- _DATA_:
☆ ☆ ☆

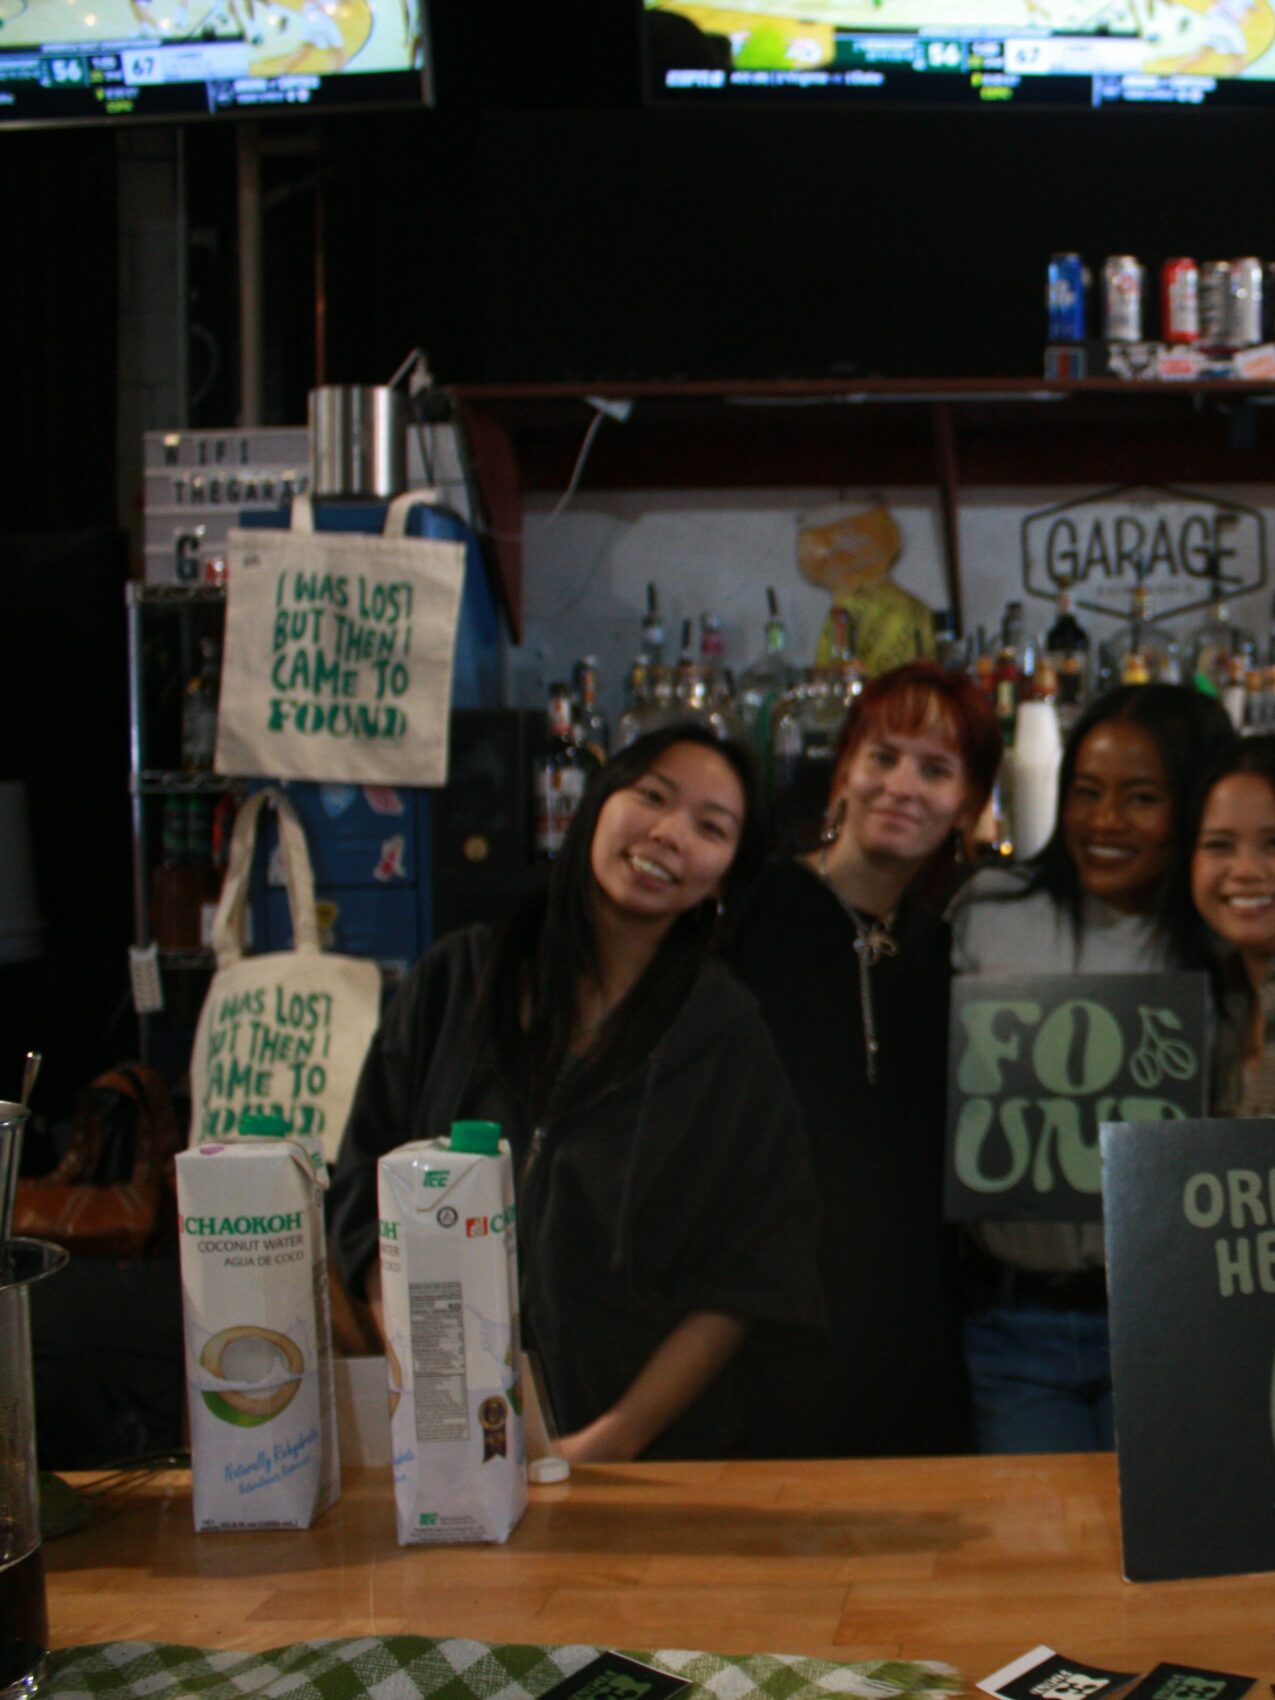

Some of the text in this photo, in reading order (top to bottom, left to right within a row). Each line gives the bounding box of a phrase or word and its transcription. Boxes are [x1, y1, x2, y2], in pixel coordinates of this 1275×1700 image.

[51, 59, 83, 82] 56
[131, 57, 156, 77] 67
[1046, 513, 1244, 585] GARAGE
[276, 570, 414, 623] I WAS LOST
[273, 608, 412, 662] BUT THEN I
[271, 648, 410, 699] CAME TO
[268, 699, 408, 740] FOUND
[219, 983, 332, 1031] WAS LOST
[209, 1022, 241, 1057] UT
[249, 1021, 315, 1066] THEN
[957, 999, 1124, 1096] FO
[211, 1057, 327, 1100] AME TO
[954, 1096, 1188, 1194] UN
[184, 1211, 304, 1236] CHAOKOH
[197, 1234, 304, 1253] COCONUT WATER
[224, 1251, 304, 1267] AGUA DE COCO
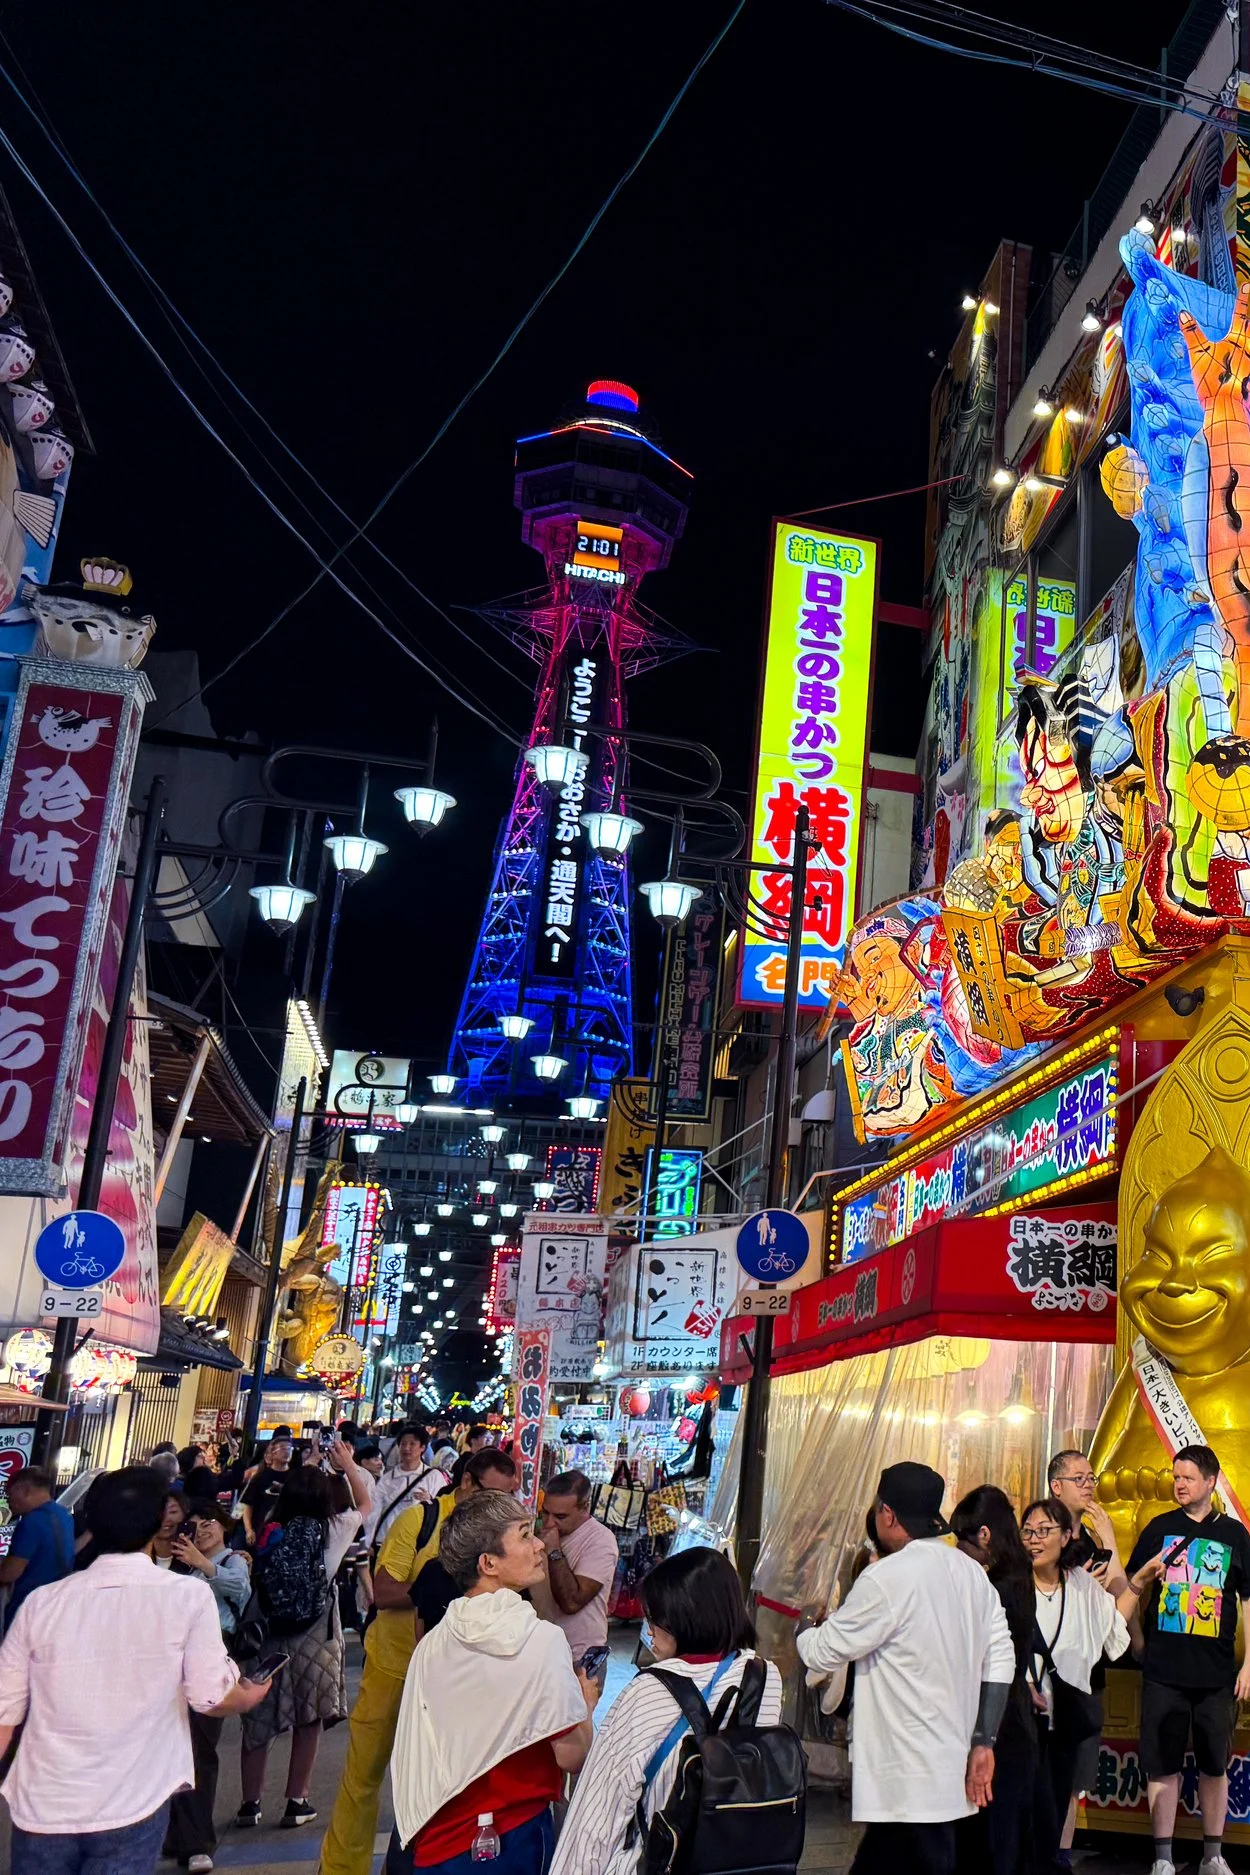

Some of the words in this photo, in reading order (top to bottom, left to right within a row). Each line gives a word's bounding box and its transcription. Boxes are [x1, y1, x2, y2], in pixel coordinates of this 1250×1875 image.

☆ ☆ ☆

- _WHAT YOU SHOULD DO_:
The whole listing should be transcribed exactly, though its pictures must be left out.

- _YOUR RESPONSE_:
Some of the text in this photo, in reading order (top to bottom, left to right within a row). Each line gives the bounding box of a phrase or word and its transcription. Boxes are [x1, y1, x2, y2], in pixel coordinates of this 1275×1700 image.

[51, 59, 83, 82] 56
[131, 57, 156, 77] 67
[1046, 513, 1244, 585] GARAGE
[276, 570, 414, 623] I WAS LOST
[273, 608, 412, 662] BUT THEN I
[271, 648, 410, 699] CAME TO
[268, 699, 408, 740] FOUND
[219, 983, 332, 1031] WAS LOST
[209, 1022, 241, 1057] UT
[249, 1021, 315, 1066] THEN
[957, 999, 1124, 1096] FO
[211, 1057, 327, 1100] AME TO
[954, 1096, 1188, 1194] UN
[184, 1211, 304, 1236] CHAOKOH
[197, 1234, 304, 1253] COCONUT WATER
[224, 1251, 304, 1267] AGUA DE COCO

Some of the words in this photo, in reading order (top to bottom, left to right within a row). Each line gives a word's bounding box and its transcription. Boxes are [x1, y1, x2, y2], in pixel coordinates of this 1250×1875 image.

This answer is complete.